They ran down the still steady stairs, though the overhead lights flickered on and off in the aftershock of the blast. Trowa didn't complain that he had the burden of Heero, especially since it was Wufei that the remaining guards targeted since he was in front. Apparently the blast had sent them all running. The men fell one after another in the swift pilot's wake; two or three of them comically ran from him while screaming like little girls.

When they got down to the ground level things were strangely quiet but that was where they had found a number of worker-bee employees. They relaxed but it was a sort of uneasy calm.

"Which way did we go from here?" Wufei asked as they stood at a white-walled passage with three possible routes.

_"DEATHSCYTHE! COME ON, I'M NOT EVEN SLEEPING. LALALALAL WAKE UP TIME." _

The two started and Wufei turned to the right. They heard, from far off, the unmistakable sound of Deathcythe's voice.

"Somehow I'm not surprised," Wufei said and they continued on to the right. He skidded to a stop as they nearly ran headfirst into Quatre.
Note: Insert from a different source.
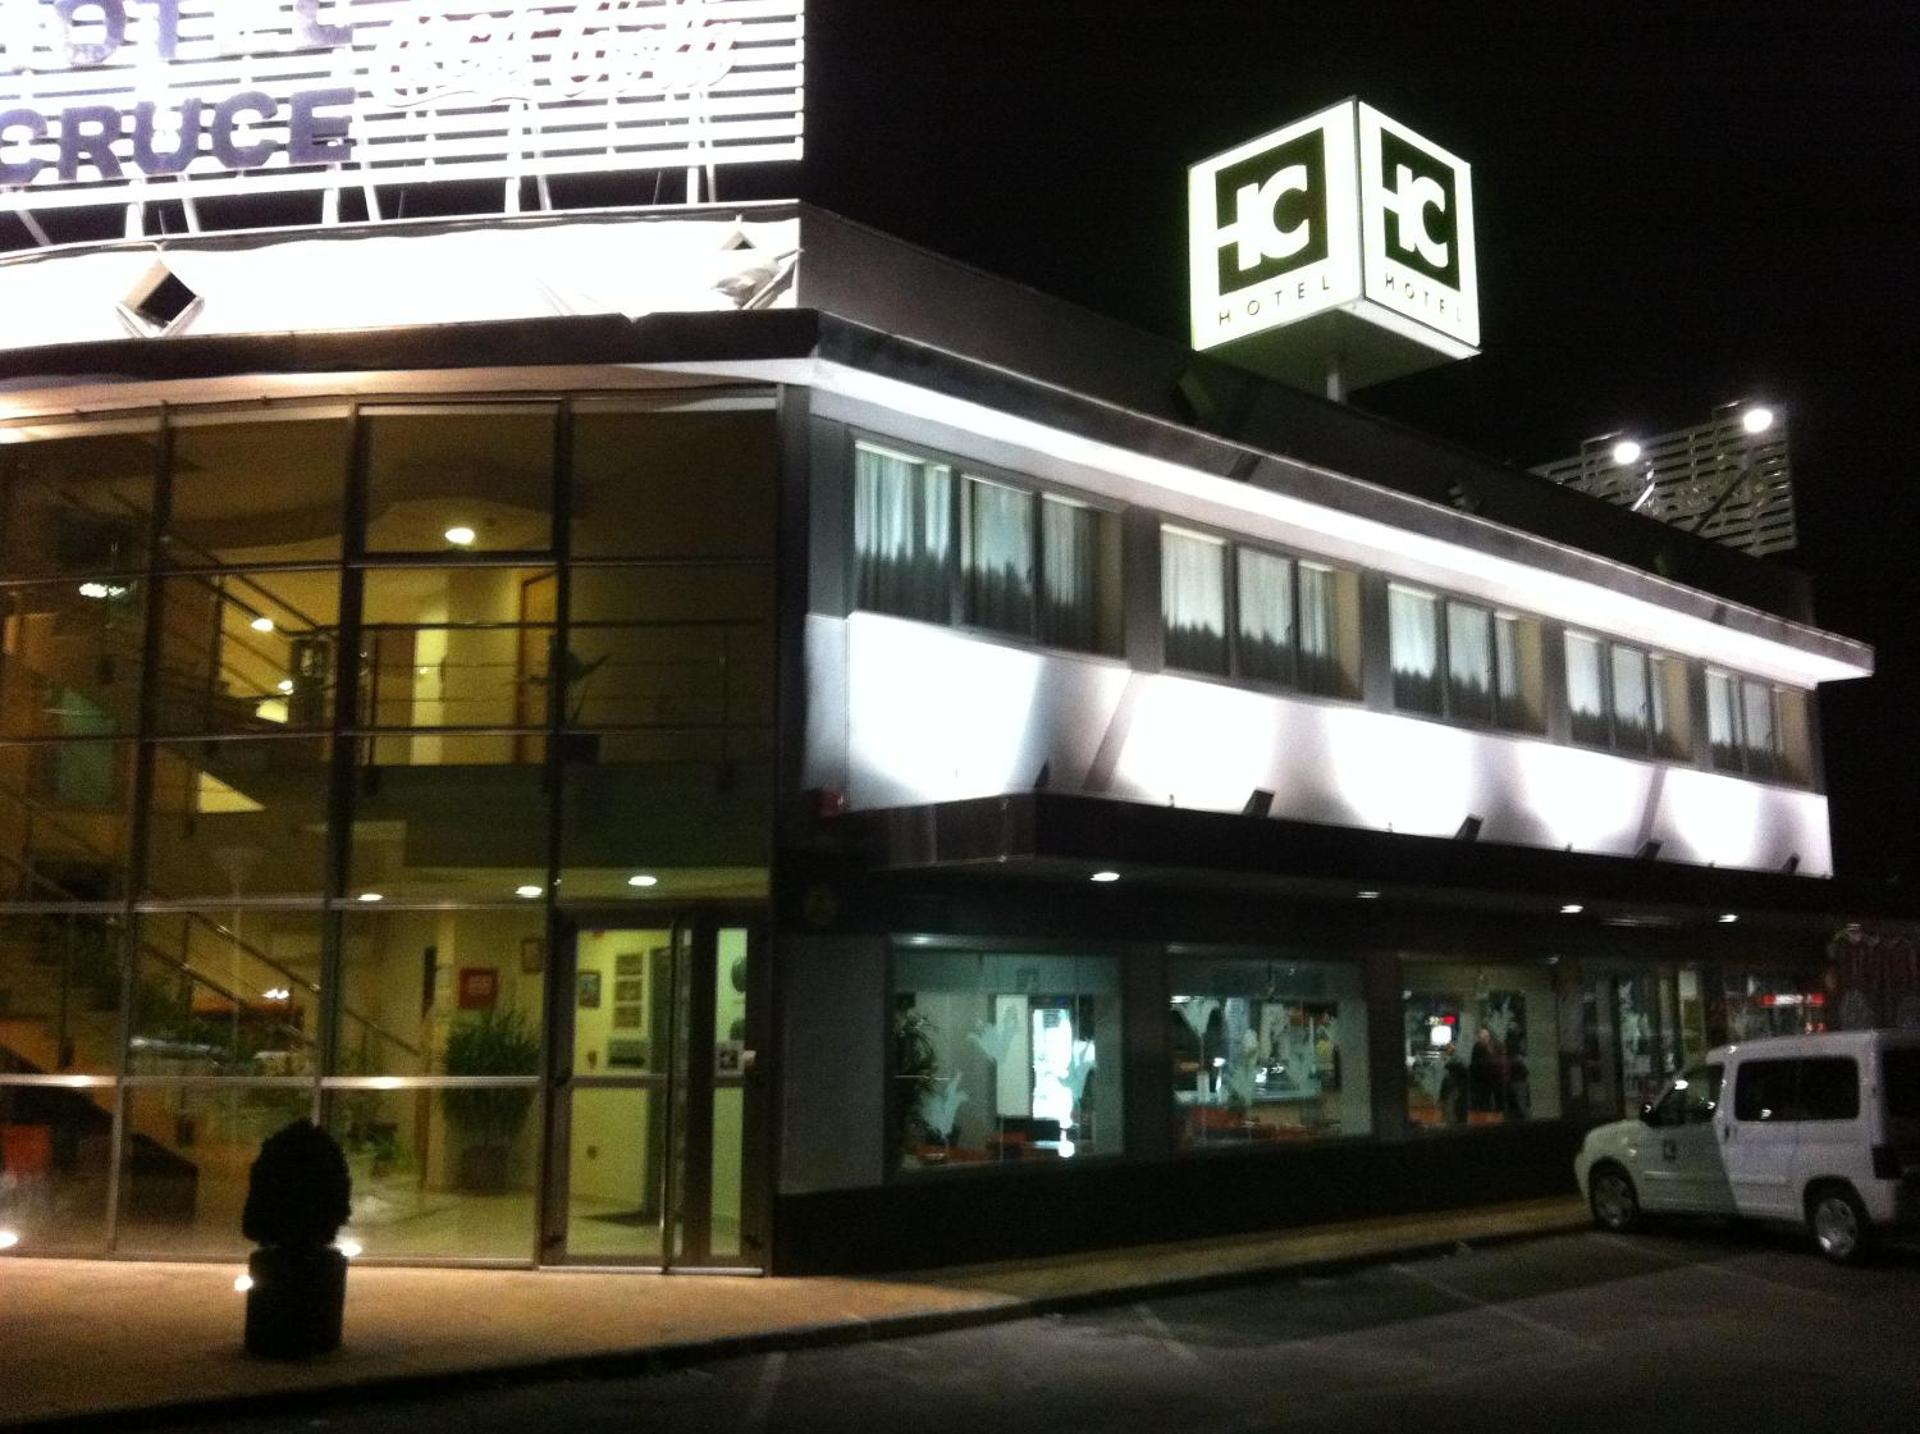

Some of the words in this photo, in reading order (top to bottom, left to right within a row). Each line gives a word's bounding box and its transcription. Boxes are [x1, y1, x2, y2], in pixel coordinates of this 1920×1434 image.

The blonde pilot was wide-eyed and hurried but he calmed down slightly as he recognized his companions.

"Duo needs our help. He fell from…well he's unconscious. What happened to Heero?"

"Let's just say that the head of the Cowards wasn't in."

"You mean that explosion wasn't on purpose?" Quatre asked.

"No, I'd say it was pretty damn purposeful. We underestimated the enemy after all," Wufei said bitterly.

"Well I need to get Sandrock so we can retrieve Deathscythe but I am a little nervous about just leaving Duo there…" Quatre said.

Wufei regarded him with a deadpan stare. "Then why didn't you bring him with you?"

To this Quatre averted his eyes and clasped his hands together nervously.

"It was due to one of the ladders that he got hurt in the first place and I really couldn't figure out any other way down. I thought that I'd at least get Sandrock first."

Trowa shook his head and he put his free hand on his waist as they continued to talk right in the middle of the enemy base. He carried Heero not unlike the way one does a heavy sack.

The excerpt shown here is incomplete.